• [Exercise aim]: Write every record out again exactly, and keep images out of it.

• [Records shown]:
BEGIN
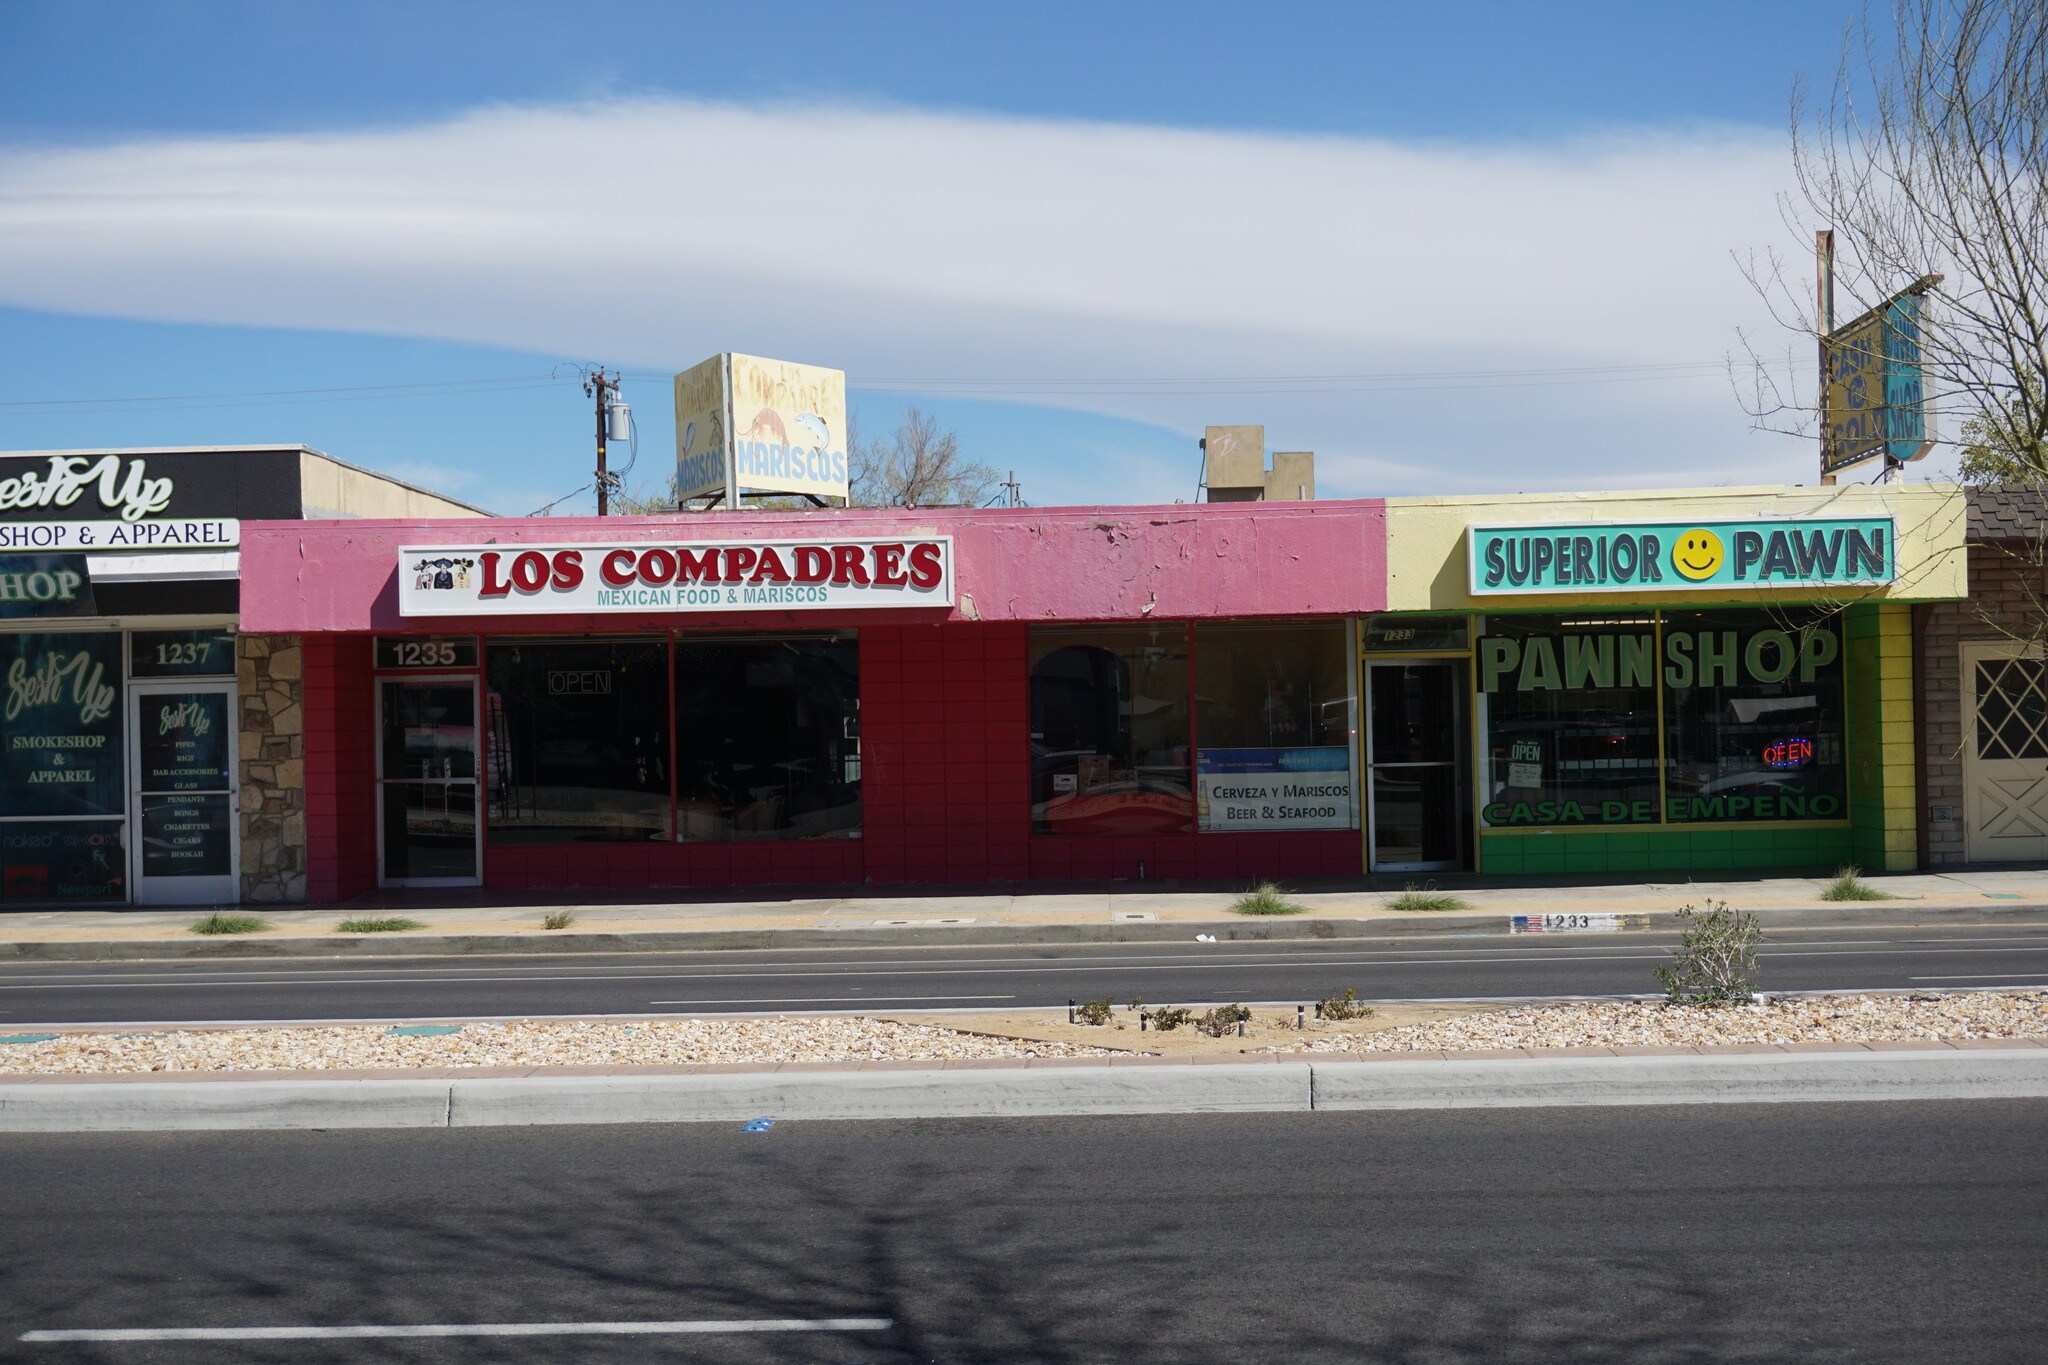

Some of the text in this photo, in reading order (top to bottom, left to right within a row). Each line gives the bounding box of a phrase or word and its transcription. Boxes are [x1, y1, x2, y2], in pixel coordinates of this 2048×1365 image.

[677, 446, 725, 493] MARISCOS
[737, 439, 846, 484] MARISCOS
[99, 455, 173, 522] Up
[79, 527, 96, 545] &
[108, 522, 231, 545] APPAREL
[1485, 528, 1885, 587] SUPERIOR PAWN
[478, 543, 943, 600] LOS COMPADRES
[0, 571, 82, 600] HOP
[597, 586, 828, 606] MEXICAN FOOD & MARISCOS
[1386, 630, 1413, 640] 1233
[156, 642, 211, 665] 1237
[393, 642, 456, 666] 1235
[551, 673, 609, 693] OPEN
[12, 735, 106, 749] SMOKESHOP
[1511, 744, 1541, 761] OPEN
[52, 752, 66, 766] &
[27, 770, 95, 783] APPAREL
[169, 768, 219, 776] ACCESSORIES
[1262, 806, 1275, 819] &
[1483, 785, 1839, 824] CASA DE EMPEÑO
[163, 823, 211, 831] CIGARETTES
[1545, 905, 1589, 929] 1233
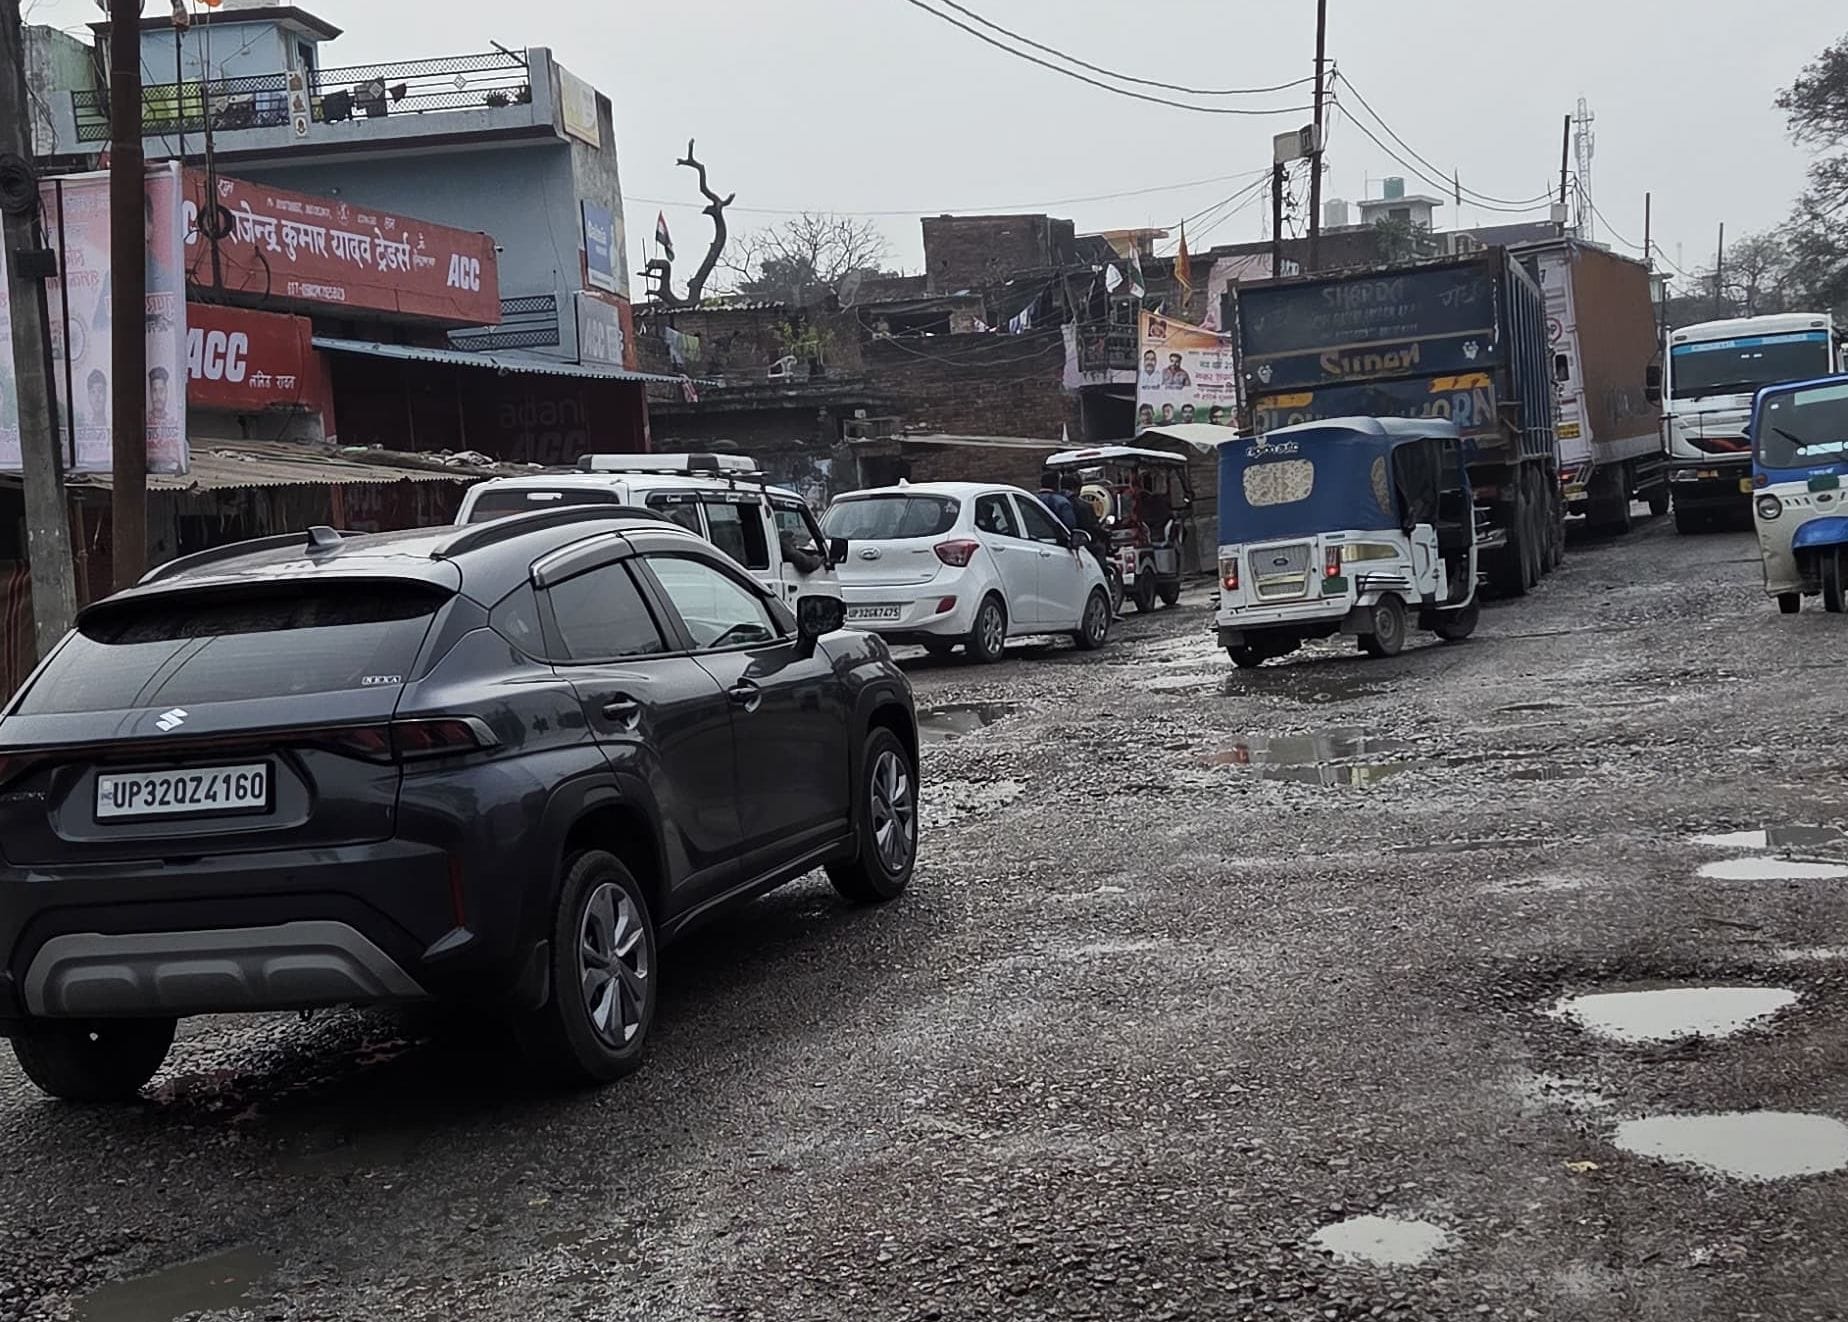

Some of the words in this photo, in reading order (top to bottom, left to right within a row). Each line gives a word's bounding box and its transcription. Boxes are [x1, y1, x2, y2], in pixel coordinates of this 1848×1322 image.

[281, 218, 328, 262] कुमार
[330, 229, 371, 270] यादव
[374, 226, 410, 272] ट्रेडर्स
[446, 253, 481, 292] ACC
[186, 328, 248, 382] ACC
[500, 390, 586, 429] adani
[113, 772, 265, 808] UP32QZ4160
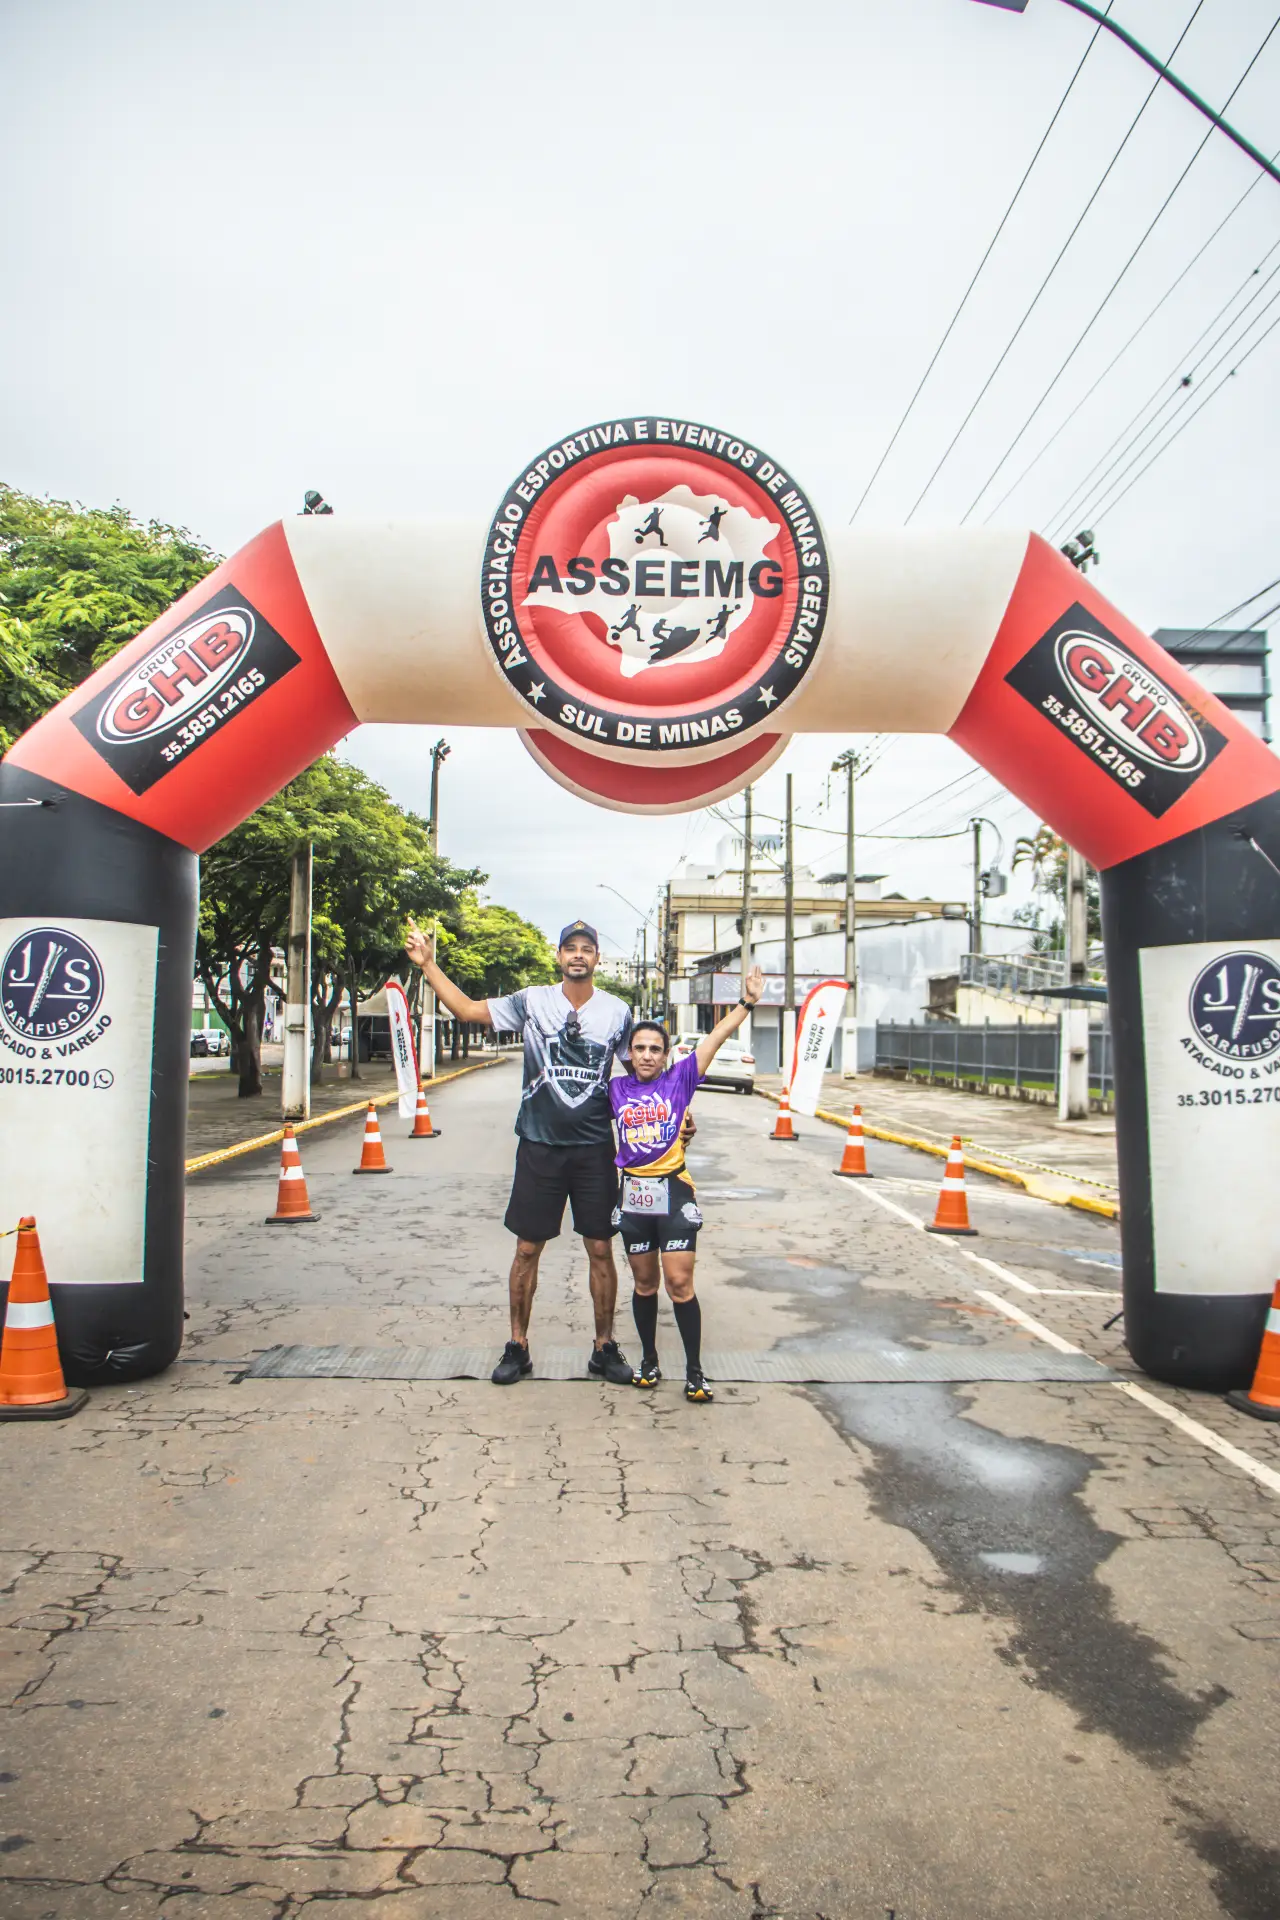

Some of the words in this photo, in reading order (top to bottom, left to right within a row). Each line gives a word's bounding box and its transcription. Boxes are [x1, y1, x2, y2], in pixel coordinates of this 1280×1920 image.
END
• [Worked solution]:
Some of the text in this photo, in reading order (top to bottom, left to right within a row). Each line gives the bounding box of a phrase or word and its transcription. Boxes are [x1, y1, x2, y2], in pixel coordinates of this 2048×1365 image.

[677, 446, 725, 493] MARISCOS
[737, 439, 846, 484] MARISCOS
[99, 455, 173, 522] Up
[79, 527, 96, 545] &
[108, 522, 231, 545] APPAREL
[1485, 528, 1885, 587] SUPERIOR PAWN
[478, 543, 943, 600] LOS COMPADRES
[0, 571, 82, 600] HOP
[597, 586, 828, 606] MEXICAN FOOD & MARISCOS
[1386, 630, 1413, 640] 1233
[156, 642, 211, 665] 1237
[393, 642, 456, 666] 1235
[551, 673, 609, 693] OPEN
[12, 735, 106, 749] SMOKESHOP
[1511, 744, 1541, 761] OPEN
[52, 752, 66, 766] &
[27, 770, 95, 783] APPAREL
[169, 768, 219, 776] ACCESSORIES
[1262, 806, 1275, 819] &
[1483, 785, 1839, 824] CASA DE EMPEÑO
[163, 823, 211, 831] CIGARETTES
[1545, 905, 1589, 929] 1233

Some of the words in this photo, in reading order (top to bottom, left to right within a row). Each line gives a word's bounding box and its transcription. Boxes are [x1, y1, x2, y2], in pixel coordinates of this 1848×1322 image.

[281, 218, 328, 262] कुमार
[330, 229, 371, 270] यादव
[374, 226, 410, 272] ट्रेडर्स
[446, 253, 481, 292] ACC
[186, 328, 248, 382] ACC
[500, 390, 586, 429] adani
[113, 772, 265, 808] UP32QZ4160

Some of the words in this photo, in reading order (top to bottom, left to right within a row). Each line gives a word's bounding box and its transcription. Boxes are [x1, y1, x2, y2], in pixel coordinates of this 1280×1920 image.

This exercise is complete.